MATERIAL PROVIDED:
◇ ◇ ◇ ◇

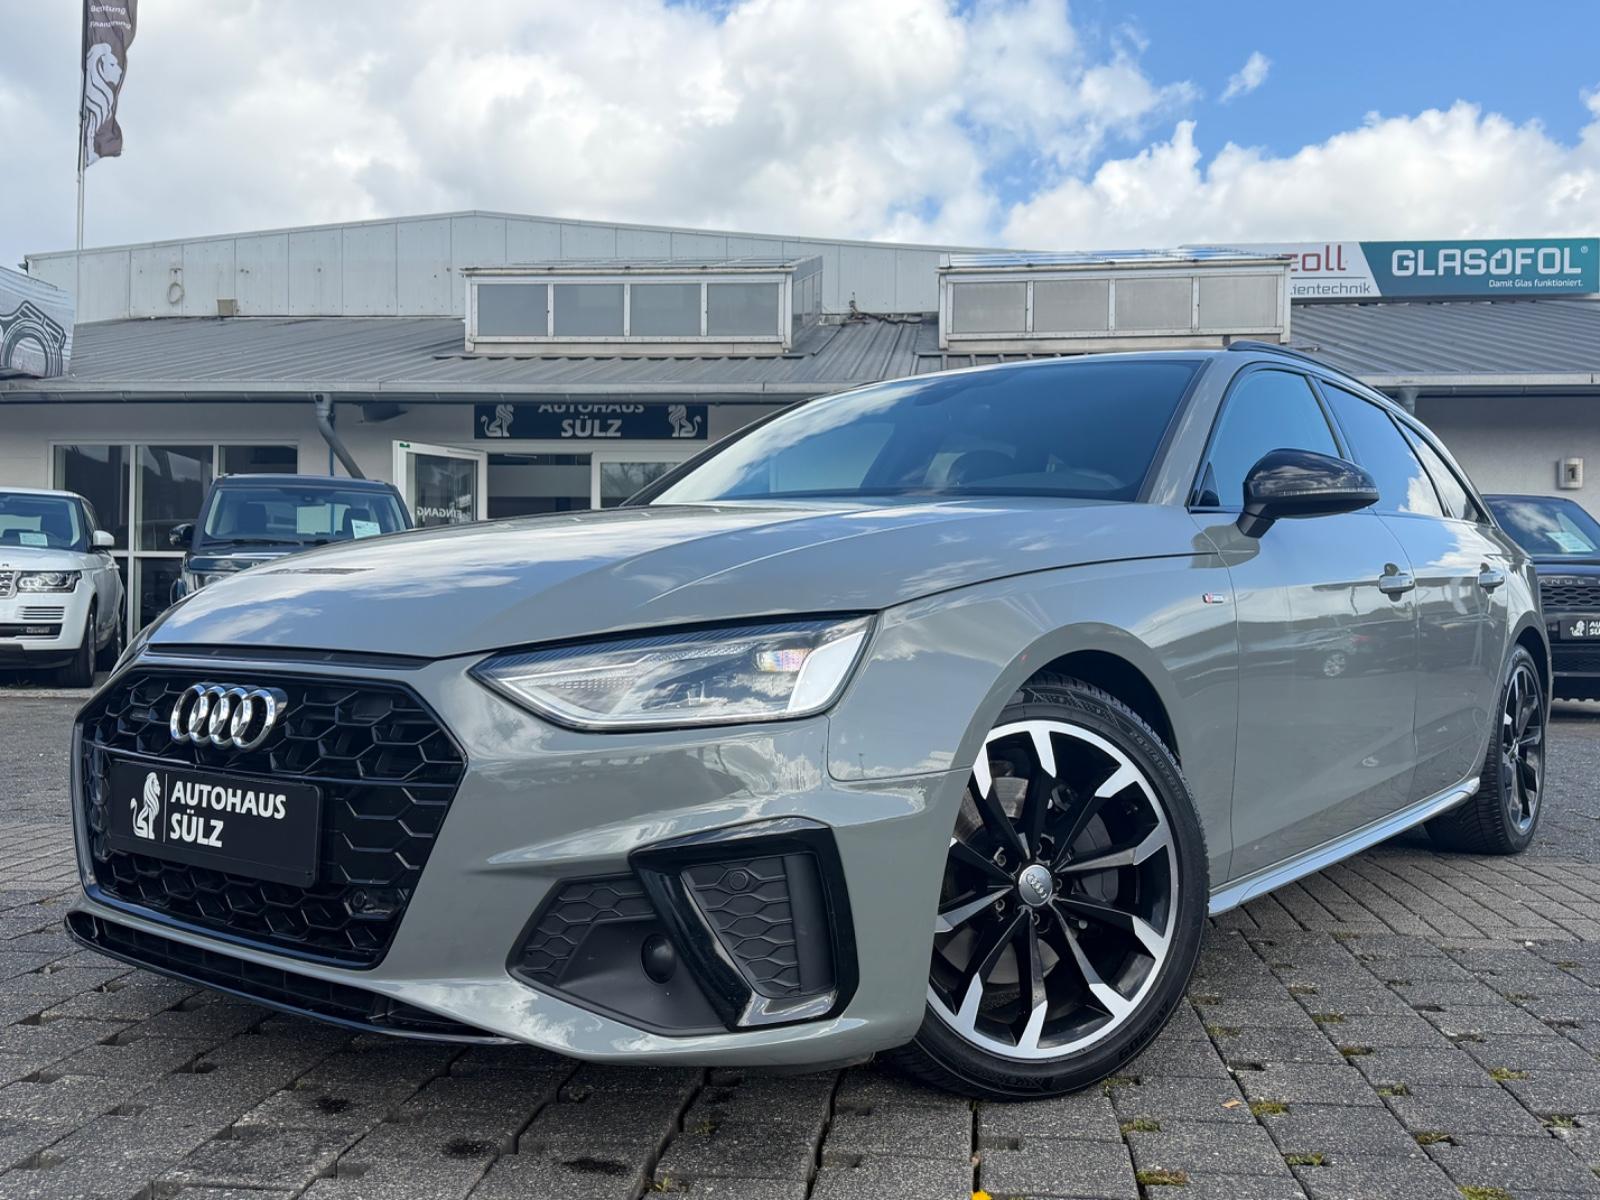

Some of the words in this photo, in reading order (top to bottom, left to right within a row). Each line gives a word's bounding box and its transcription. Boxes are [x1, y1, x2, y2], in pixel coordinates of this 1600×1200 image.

◇ ◇ ◇ ◇

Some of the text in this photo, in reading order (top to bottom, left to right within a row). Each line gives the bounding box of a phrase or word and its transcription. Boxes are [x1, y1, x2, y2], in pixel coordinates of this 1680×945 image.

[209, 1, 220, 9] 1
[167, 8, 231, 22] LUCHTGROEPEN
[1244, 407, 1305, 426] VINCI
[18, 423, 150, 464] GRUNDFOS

◇ ◇ ◇ ◇

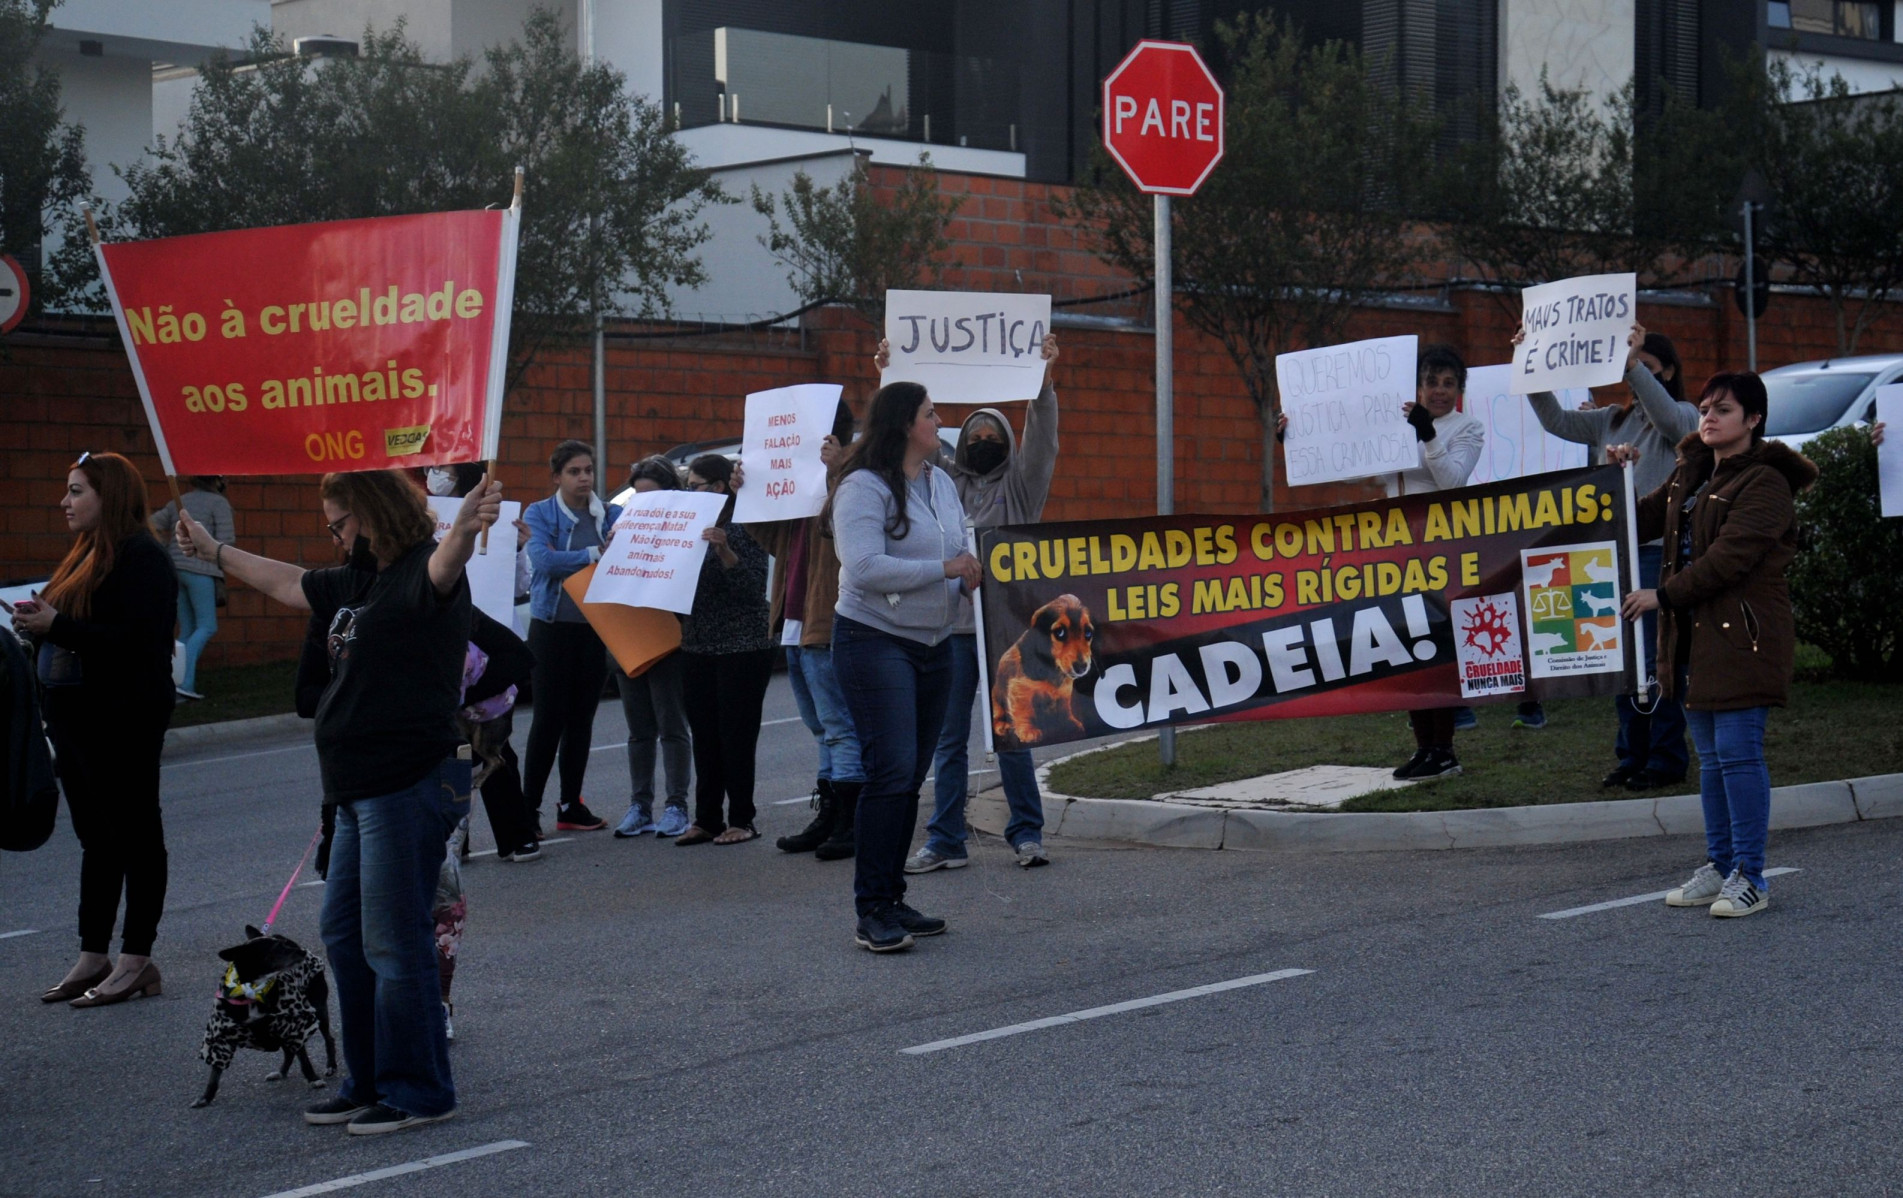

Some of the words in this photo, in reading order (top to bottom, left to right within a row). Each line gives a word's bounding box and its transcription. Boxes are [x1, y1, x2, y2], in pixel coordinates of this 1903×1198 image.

◇ ◇ ◇ ◇

EXERCISE DETAILS: Match on "words": copy every line in the records that has it.

REPLY:
Some of the words in this photo, in reading order (top to bottom, left to right within a row). Each line gives a word's bounding box and its transcription. Boxes are [x1, y1, x2, y2], in pixel coordinates of this 1600×1200 image.
Some of the words in this photo, in reading order (top to bottom, left to right within a row). Each line gives a word's bounding box and its transcription. Boxes are [x1, y1, x2, y2], in pixel coordinates of this 1903×1198 image.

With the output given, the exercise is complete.